Trabajo Individual | Clase 2 | Chiara Dall'Ongaro
Me cuesta reconocer mis propios referentes. Aquellos que me guiaron o acompañaron, quizás, a lo largo de la carrera, de cada trabajo, de cada idea y frustración. Familia, amigos, artistas, diseñadores, y hasta emprendimientos.
A lo largo del día, me di cuenta cómo estas personas, quizás hasta la mayoría, me condicionaron más de lo que me acompañaron.
Por un lado, los considero referentes porque realmente tengo a cada una de estas personas en mi cabeza a la hora de diseñar.

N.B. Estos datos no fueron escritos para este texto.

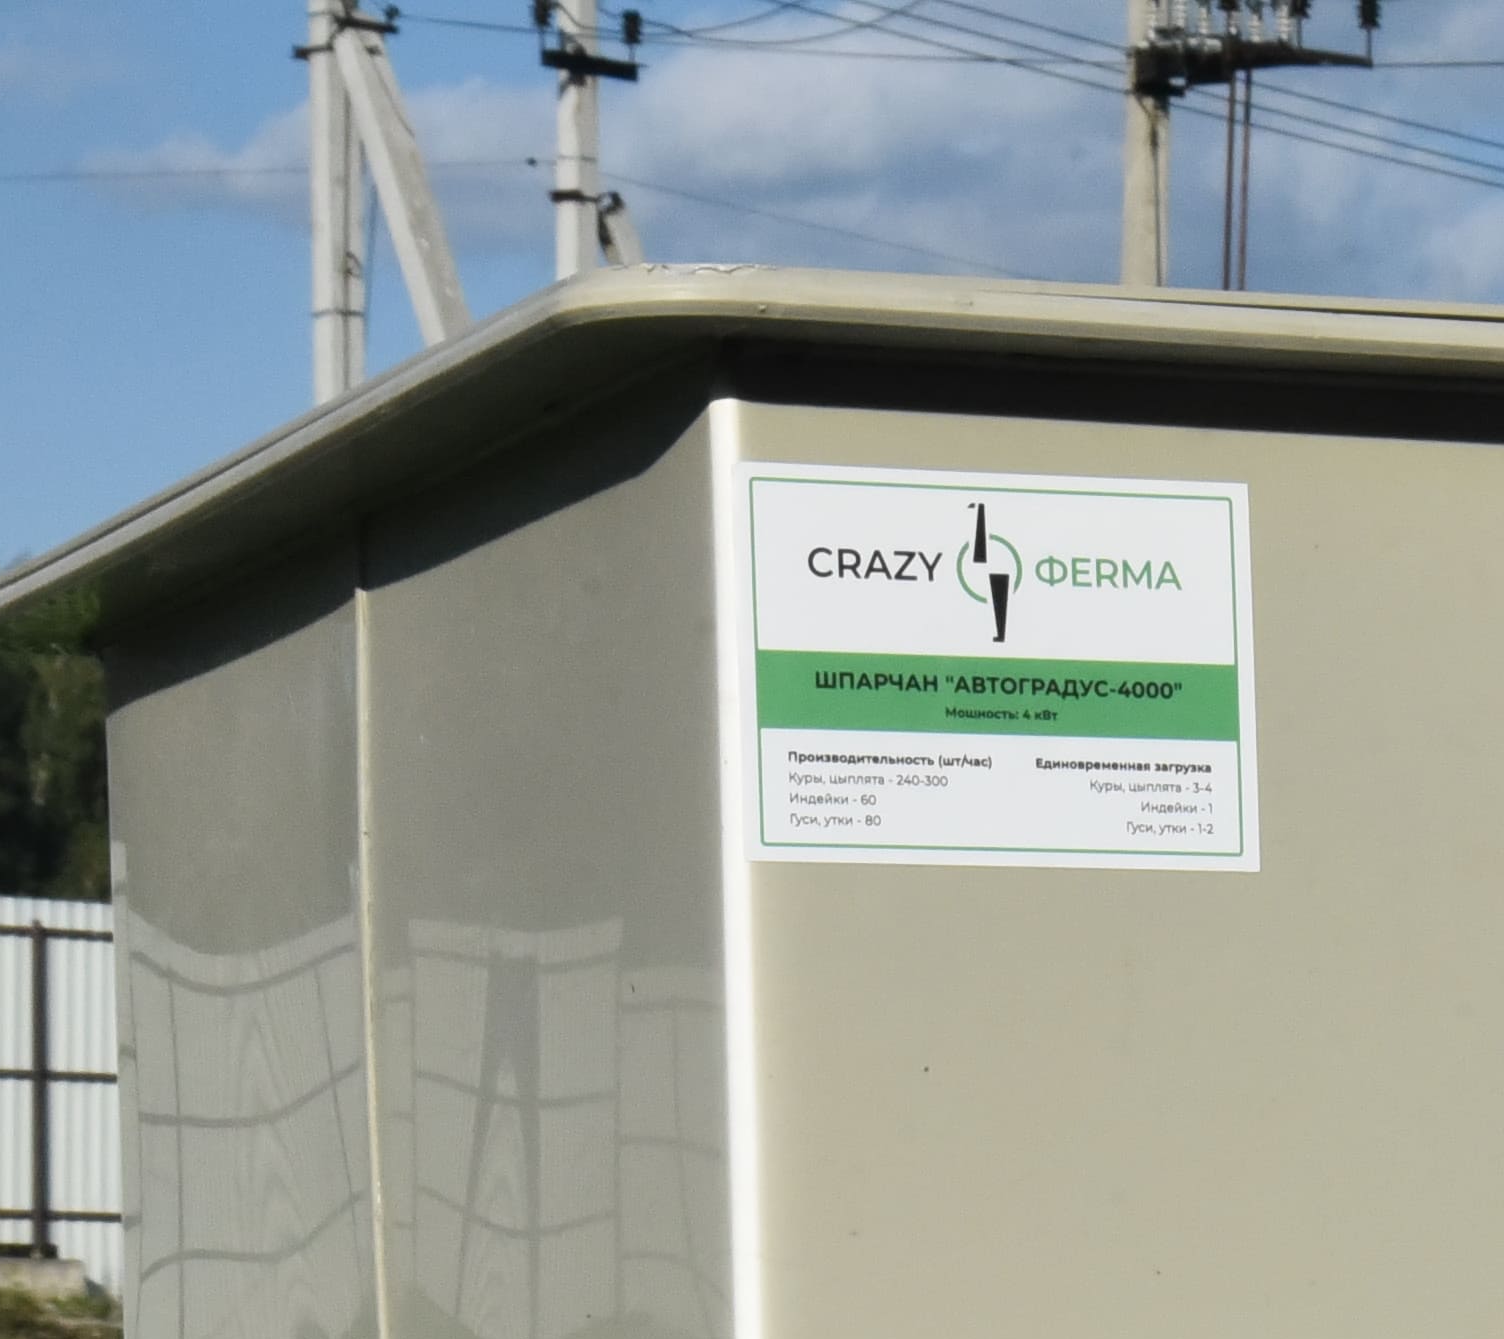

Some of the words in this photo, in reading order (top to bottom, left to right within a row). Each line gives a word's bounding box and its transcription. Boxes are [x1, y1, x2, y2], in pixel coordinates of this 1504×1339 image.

Los reúnen distintos factores, desde lo más superficial y como el gusto del lenguaje visual y la estética, hasta lo más profundo como lo que repercute en mi tanto en lo social, en lo moral, en las emociones y sentimientos.
Por otro lado, me di cuenta que es muy débil el límite existente entre ser un referente en completa libertad o un referente que condiciona inconscientemente o conscientemente. La mayoría de mis referentes, me condiciona en los procesos de diseño y a la hora de tomar decisiones. Quizás en distintas medidas y en distintos momentos. Algunos más que otros y con otro nivel de importancia.

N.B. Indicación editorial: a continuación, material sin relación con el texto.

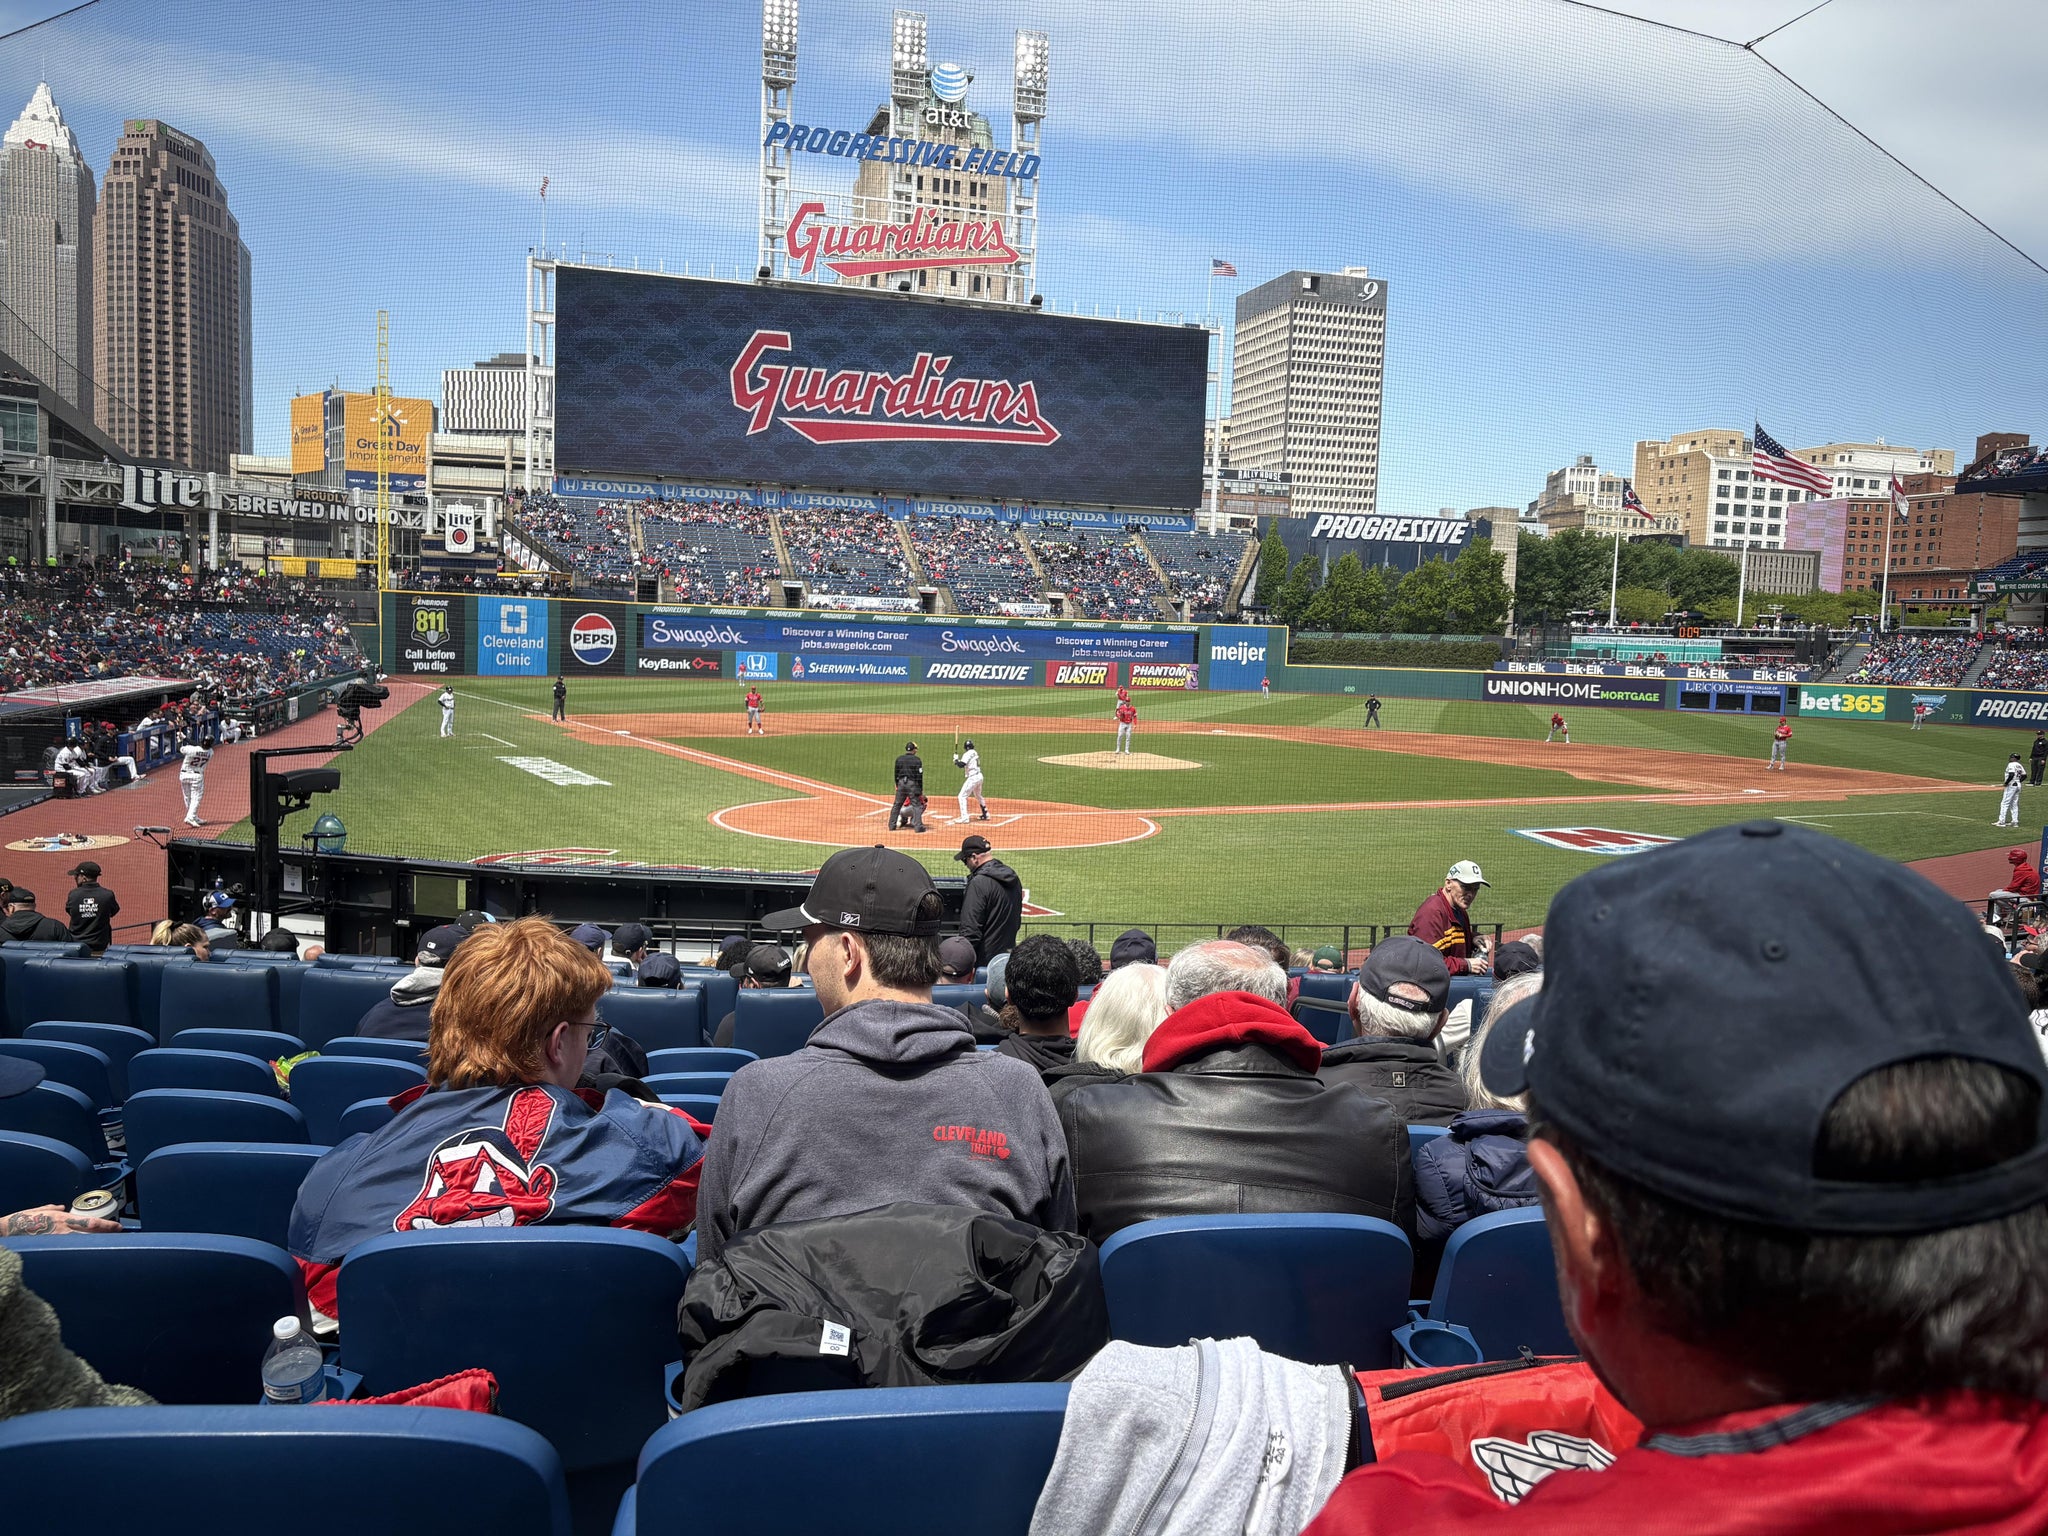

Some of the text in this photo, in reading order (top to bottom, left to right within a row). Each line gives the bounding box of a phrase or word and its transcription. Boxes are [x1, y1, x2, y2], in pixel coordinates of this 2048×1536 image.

[926, 104, 972, 130] at&t
[763, 121, 1041, 180] PROGRESSIVE FIELD
[786, 202, 1021, 277] Guardians
[730, 329, 1062, 446] Guardians
[356, 438, 420, 454] Great Day
[118, 464, 203, 514] Lite
[581, 481, 656, 495] HONDA
[680, 487, 754, 501] HONDA
[295, 489, 349, 504] PROUDLY
[807, 495, 877, 509] HONDA
[238, 494, 325, 519] BREWED
[329, 504, 350, 522] IN
[931, 503, 996, 516] HONDA
[448, 513, 473, 527] Lite
[1045, 510, 1108, 523] HONDA
[1127, 515, 1188, 527] HONDA
[1310, 513, 1470, 545] PROGRESSIVE
[417, 599, 448, 607] ENBRIDGE
[652, 606, 692, 614] PROGRESSIVE
[709, 608, 748, 616] PROGRESSIVE
[765, 610, 804, 618] PROGRESSIVE
[415, 609, 446, 632] 811
[819, 613, 857, 621] PROGRESSIVE
[872, 614, 909, 622] PROGRESSIVE
[974, 618, 1010, 626] PROGRESSIVE
[1023, 620, 1058, 628] PROGRESSIVE
[1119, 623, 1154, 631] PROGRESSIVE
[652, 620, 748, 648] Swagelok
[782, 626, 909, 641] Discover a Winning Career
[1295, 632, 1336, 640] PROGRESSIVE
[1341, 632, 1383, 641] PROGRESSIVE
[1389, 633, 1432, 642] PROGRESSIVE
[1439, 634, 1484, 642] PROGRESSIVE
[1679, 626, 1700, 638] 0:09
[483, 635, 544, 649] Cleveland
[573, 634, 614, 645] PEPSI
[800, 639, 893, 652] jobs.swagelok.com
[941, 630, 1025, 657] Swagelok
[1055, 636, 1169, 649] Discover a Winning Career
[405, 648, 456, 660] Call before
[496, 653, 531, 666] Clinic
[1071, 648, 1154, 659] jobs.swagelok.com
[1211, 642, 1266, 666] meijer
[413, 660, 448, 673] you dig.
[639, 657, 691, 671] KeyBank
[808, 661, 908, 676] SHERWIN-WILLIAMS.
[926, 663, 1031, 681] PROGRESSIVE
[1055, 665, 1108, 684] BLASTER
[1132, 665, 1187, 677] PHANTOM
[1131, 676, 1186, 687] FIREWORKS
[1344, 685, 1356, 693] 400
[1601, 691, 1660, 702] MORTGAGE
[1800, 691, 1885, 713] bet365
[933, 1125, 1007, 1147] CLEVELAND
[970, 1142, 992, 1156] THAT

Esta reflexión vuelve a caer en mi, porque significa darme cuenta del peso que le pongo a la mirada del otro, que quizás no juzga, porque no sabe que es una referencia para mí, porque hasta quizás ni me conoce, pero se involucra en mis pensamientos y me condiciona. Me autocondiciono, porque a fin de cuentas, son presiones que uno se auto-impone para cumplir, a diseñar o ser de cierta forma, de la forma que eligen mis referentes. Yo elijo un referente, pero esa persona elige lo que yo voy a ser, hacer o diseñar. Creo que no puedo tener un referente y que su mirada sobre el mundo o sobre el diseño no me condicione. Creo que prefiero no tener referentes. Prefiero ser más yo, más libre.
Pensé que cada día era más libre, pero cada día descubro más limitaciones que tengo que romper.